Strategies for implementing a large algorithm in C

jconwell · September 2, 2008, 6:14pm

I’m fairly new to CUDA and after playing around with a few simple examples, am wanting to try out my first fairly complex algorithm port.

I’ve been looking at different examples and notices a few approaches that different people are taking:

implement the entire algorithm in a single CUDA kernel. This could include multiple loops and conditional branches.
implement the algorithm “outline” on the host, and call multiple small CUDA kernels to handle the different loop parallelism opportunities within the main algorithm.

I would think that the second approach would allow for better optimizations within the GPU for memory and instruction coalescing (assuming there isn’t much overhead in calling a kernel), but I’m not sure. Also, with option 2 it would assume that memory copying was kept to a minimum between the different CUDA kernel calls.

I know this is a pretty general question, but was hoping there were some outlines

jack · September 2, 2008, 6:45pm

This may go without saying, but you may want to examine your algorithm to see if there are any computational loops that can be “unrolled” – if you are looping through arrays and multiplying by a value, etc., it might be faster to use matrix multiplication through cuBLAS for that part of your algorithm.
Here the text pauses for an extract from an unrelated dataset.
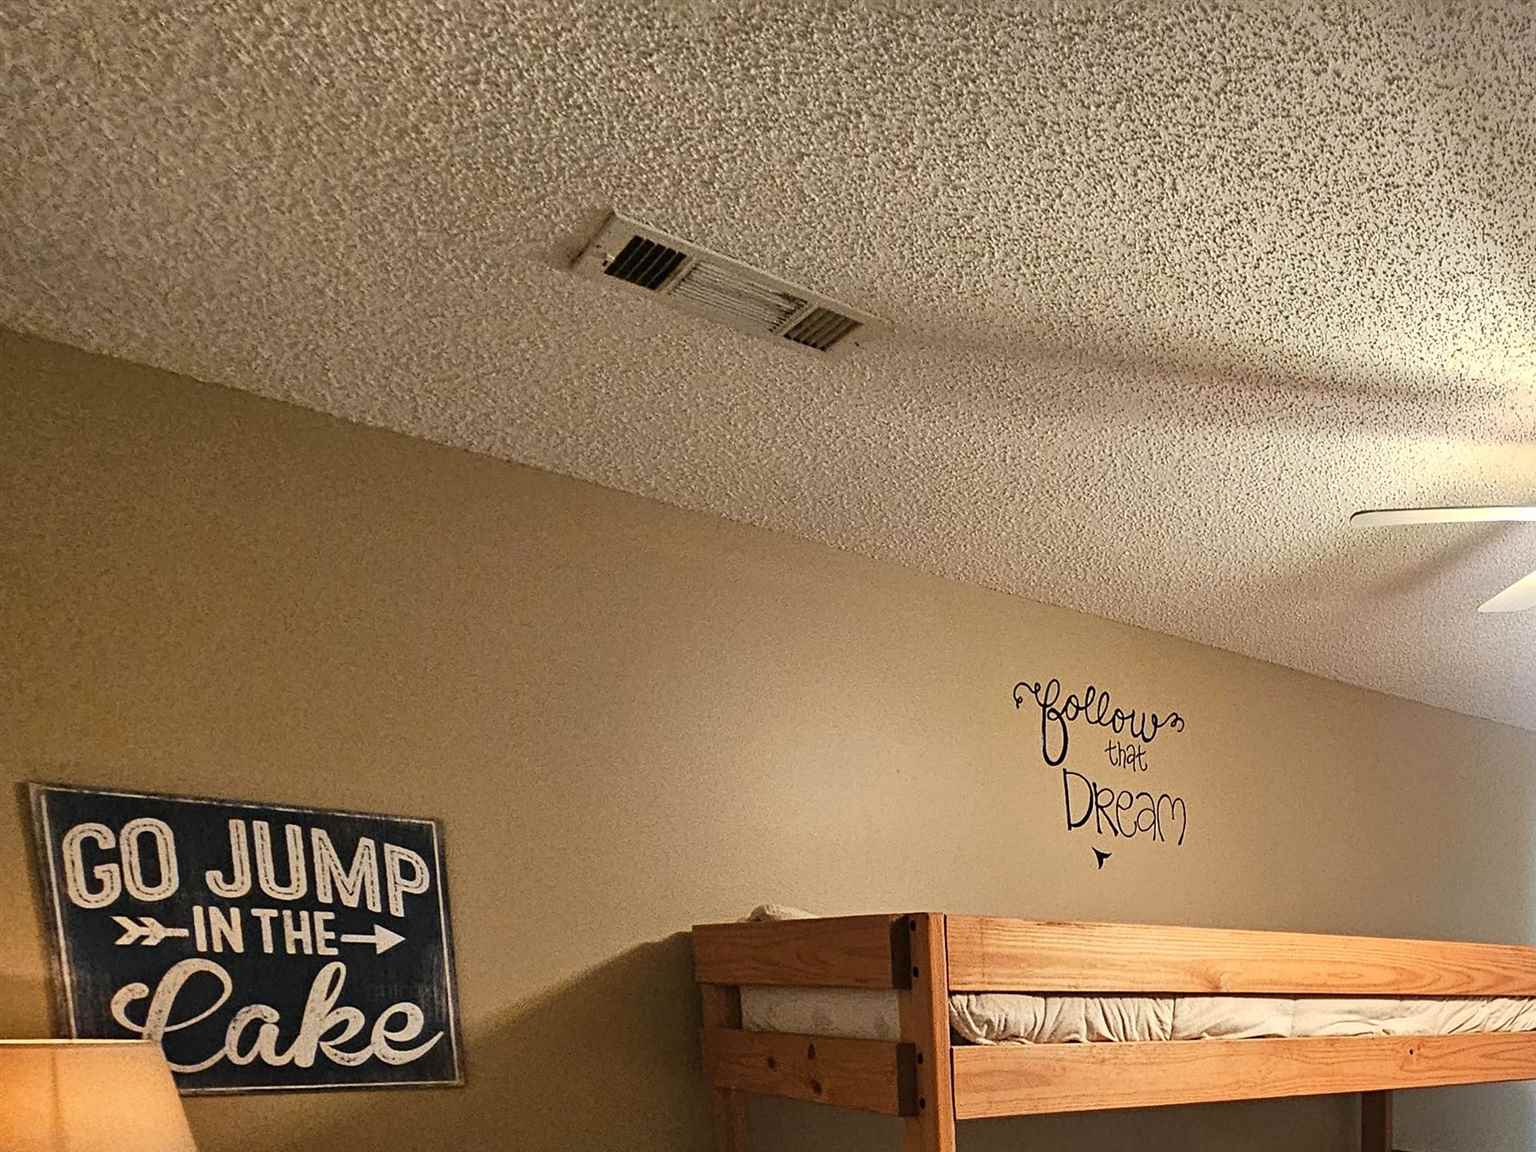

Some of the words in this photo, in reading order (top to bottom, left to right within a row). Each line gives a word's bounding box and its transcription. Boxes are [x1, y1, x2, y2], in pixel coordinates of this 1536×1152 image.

I haven’t gotten to working on any actual C kernels yet (my research is mostly in linear algebra/optimization theory), but I think you would want to take approach #2 as you’ve outlined above. Again, if you can identify parts of the algorithm where repetitive (but non-dependent) calculations are running, those can probably be parallelized through CUDA. Also, from what I’ve seen so far, CUDA seems to work just as well in many small batches of data as it does in a few large batches…but the small route is probably better if you will be running the program on various different cards.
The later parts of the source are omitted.